The Johnson County Central Resource Library is modernizing the way people learn.

Sami Jansen, Writer

The Johnson County Central Resource Library, which houses 20 percent of Johnson County’s materials, continues to evolve into a more diverse and reliable place of knowledge. First opened at the Overland Park location in 1994, the Central library has been aiding the community through its materials, helpful staff and quiet atmosphere for the last 22 years.

“One of the library strategic goals is digital literacy and trying to get the community to teach each other how to use different technologies and softwares,” said Monica Duffield, Branch Manager for the Central Resource Library.

The newly hired and returning staff at the Central Resource Library are focused on being able to answer visitors’ questions and to provide them with the information they need.

“You can ask the staff any question, whether it’s about your account or paying your fines or directions to something, or basic technology questions. Our hope is that when you come in the building everybody should be able to answer whatever the original question is, and if we can’t, we can point you to our colleges,” Duffield said .

Changes in the library were made with the goal of creating a collaborative atmosphere that would aid community education and a flexible layout to make the library easier to navigate. Additions such as the study rooms, upgraded electrical service and Black & Veatch MakerSpace have already promoted community involvement.

The visible changes to the library have been monumental, but it’s the changes not visible to the public that have become the most noticeable. The addition of a new HVA system has provided a comfortable atmosphere to visitors, and new electrical wiring has given the library the capability of putting outlets in places they could not have before .

“We are a heating center in the winter and a cooling center in the summer. I don’t know if people realize it or not, but the poverty level in Johnson County is rising, and so we do have people who spend their whole day here […] and so having that additional comfort where you can just come in and relax, to me that’s one of the biggest differences,” Duffield said.

The new electrical wiring, called thread, is small enough to slip under the carpet and can be wired almost anywhere in the general vicinity. Outlet poles by tables are powered by the thread and allow visitors to plug in devices while studying.

“You can come in here on Saturday and there will be no empty chairs. People bring in their own device and plug it in using our own outlets,” Duffield said.

The front of the library is now home to the Training Lab, a reservable space where non-profit groups can teach their volunteers how to use social media for promotion. Other reservable rooms dedicated to study groups are available and vary in size. The rooms are in use most of the time and can be booked for two hours up to three months before meetings.

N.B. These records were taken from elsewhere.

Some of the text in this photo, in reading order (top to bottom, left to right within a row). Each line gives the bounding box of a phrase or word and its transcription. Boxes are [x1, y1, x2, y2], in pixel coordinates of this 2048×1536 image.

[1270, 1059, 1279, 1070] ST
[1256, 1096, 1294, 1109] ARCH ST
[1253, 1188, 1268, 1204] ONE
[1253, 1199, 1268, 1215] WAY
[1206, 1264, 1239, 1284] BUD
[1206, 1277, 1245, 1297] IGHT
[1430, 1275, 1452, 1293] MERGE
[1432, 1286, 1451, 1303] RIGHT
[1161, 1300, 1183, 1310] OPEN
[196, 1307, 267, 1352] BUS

“There are very few places that offer meeting space you don’t have to pay for, so that was one of the reasons to have the small 2 person study rooms and some are 5 and 6 for bigger groups,” Duffield said.

Across from the entrance, a Friends bookstore has opened. It is the third and largest bookstore featured in Johnson County libraries, and has a coffee shop which offers their signature library blend of coffee, ‘Freedom of Espresso’.  

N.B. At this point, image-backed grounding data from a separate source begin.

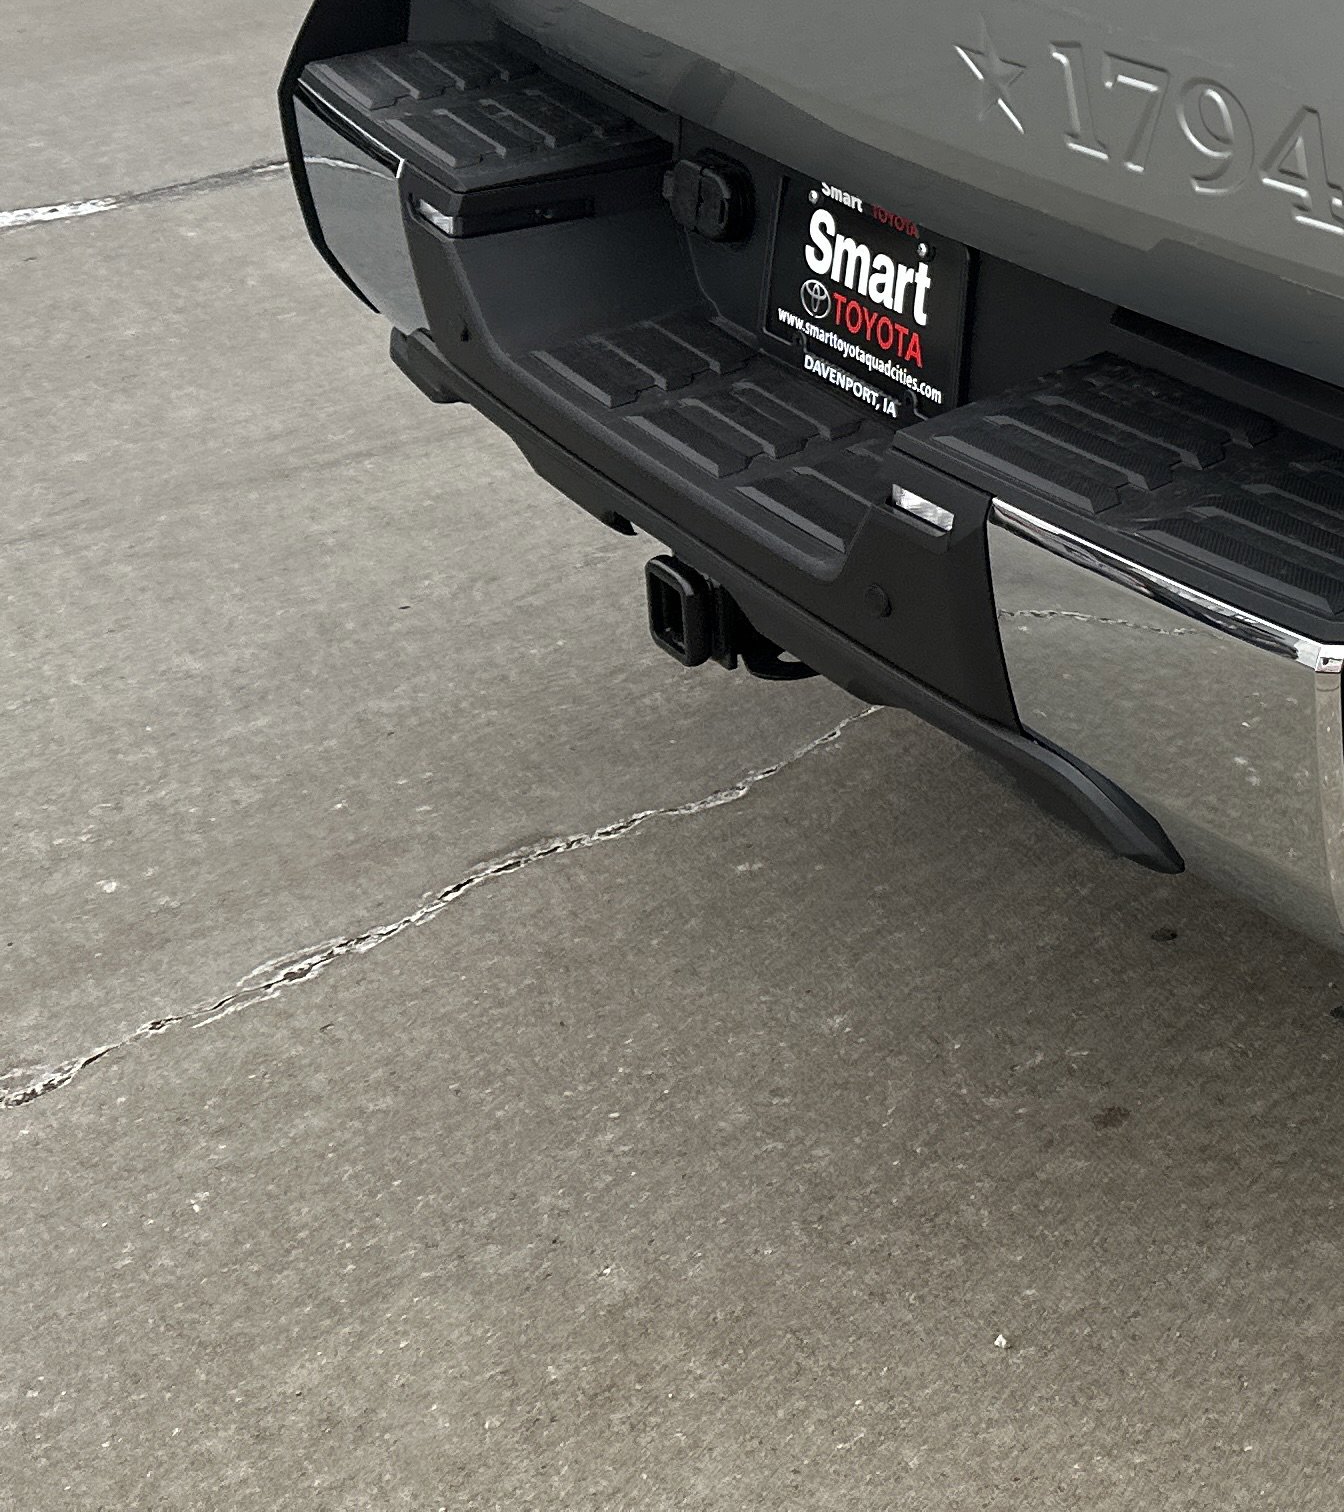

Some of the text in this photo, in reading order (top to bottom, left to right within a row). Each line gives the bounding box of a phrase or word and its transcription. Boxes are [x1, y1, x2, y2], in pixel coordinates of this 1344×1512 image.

[821, 181, 864, 214] Smart
[803, 208, 933, 326] Smart
[777, 306, 943, 405] www.smarttoyotaquadcities.com
[832, 291, 924, 369] TOYOTA
[803, 353, 898, 419] DAVENPORT, IA

Computers that used to be scattered throughout the library have been confined to a single location and now feature rows with dual monitors.

“The duel monitors are an experiment for this building; some people like them, some people don’t. We have noticed people that prefer the doubles are doing some kind of intense research,”  Duffield said.

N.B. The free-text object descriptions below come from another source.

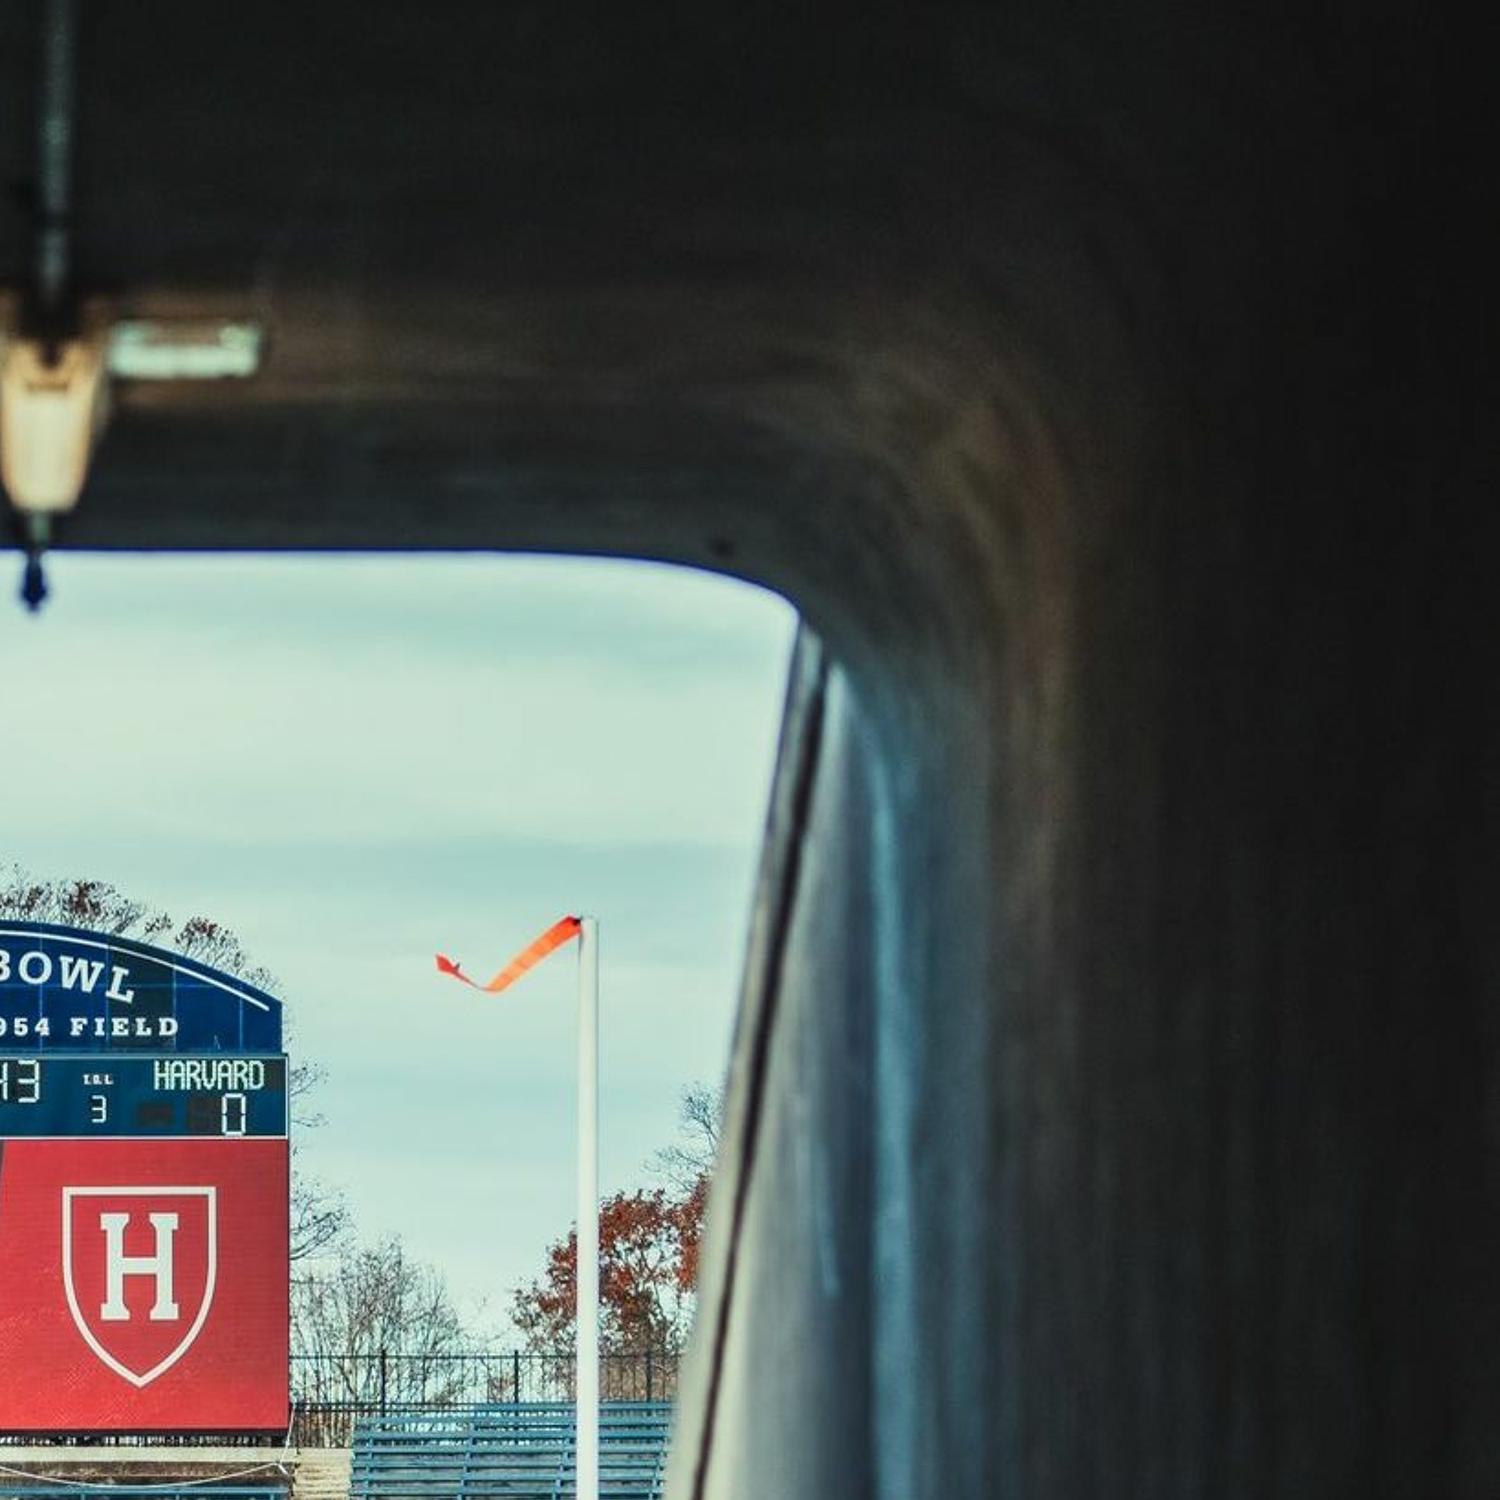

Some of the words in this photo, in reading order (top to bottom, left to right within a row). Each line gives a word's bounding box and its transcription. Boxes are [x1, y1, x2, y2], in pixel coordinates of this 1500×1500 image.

[70, 1016, 179, 1037] FIELD
[154, 1060, 264, 1090] HARVARD
[92, 1095, 107, 1123] 3
[221, 1093, 246, 1136] 0
[100, 1212, 179, 1321] H

The MakerSpace has been a unique addition that provides the community with a charge-free way to learn new skills not usually available to the public. The staff assigned to the MakerSpace has the knowledge to get anyone started on a project but also enjoys seeing people share their knowledge with each other.

“The point of the MakerSpace is collaborative, in that people come together to work on projects and/or to teach each other to use these sorts of things. So you could walk in and totally know everything there is to know about green room and sound editing, and if somebody else was in there that didn’t know so much, it is perfectly acceptable to offer your expertise,” Duffield said.

Tools featured in the MakerSpace include a sewing machine, green room, sound equipment, digital editing studio, vinyl cutter, laser cutter and 3-D printer.

All changes have modernized the library and supplied the community with a variety of resources and hands-on experiences to further their knowledge.

“That’s kind of the larger goal I’d say, is that libraries are all about helping people experience things, whether it’s for personal enjoyment, or evolvement or engagement—leveling the playing field so it’s available for everyone,” Duffield said.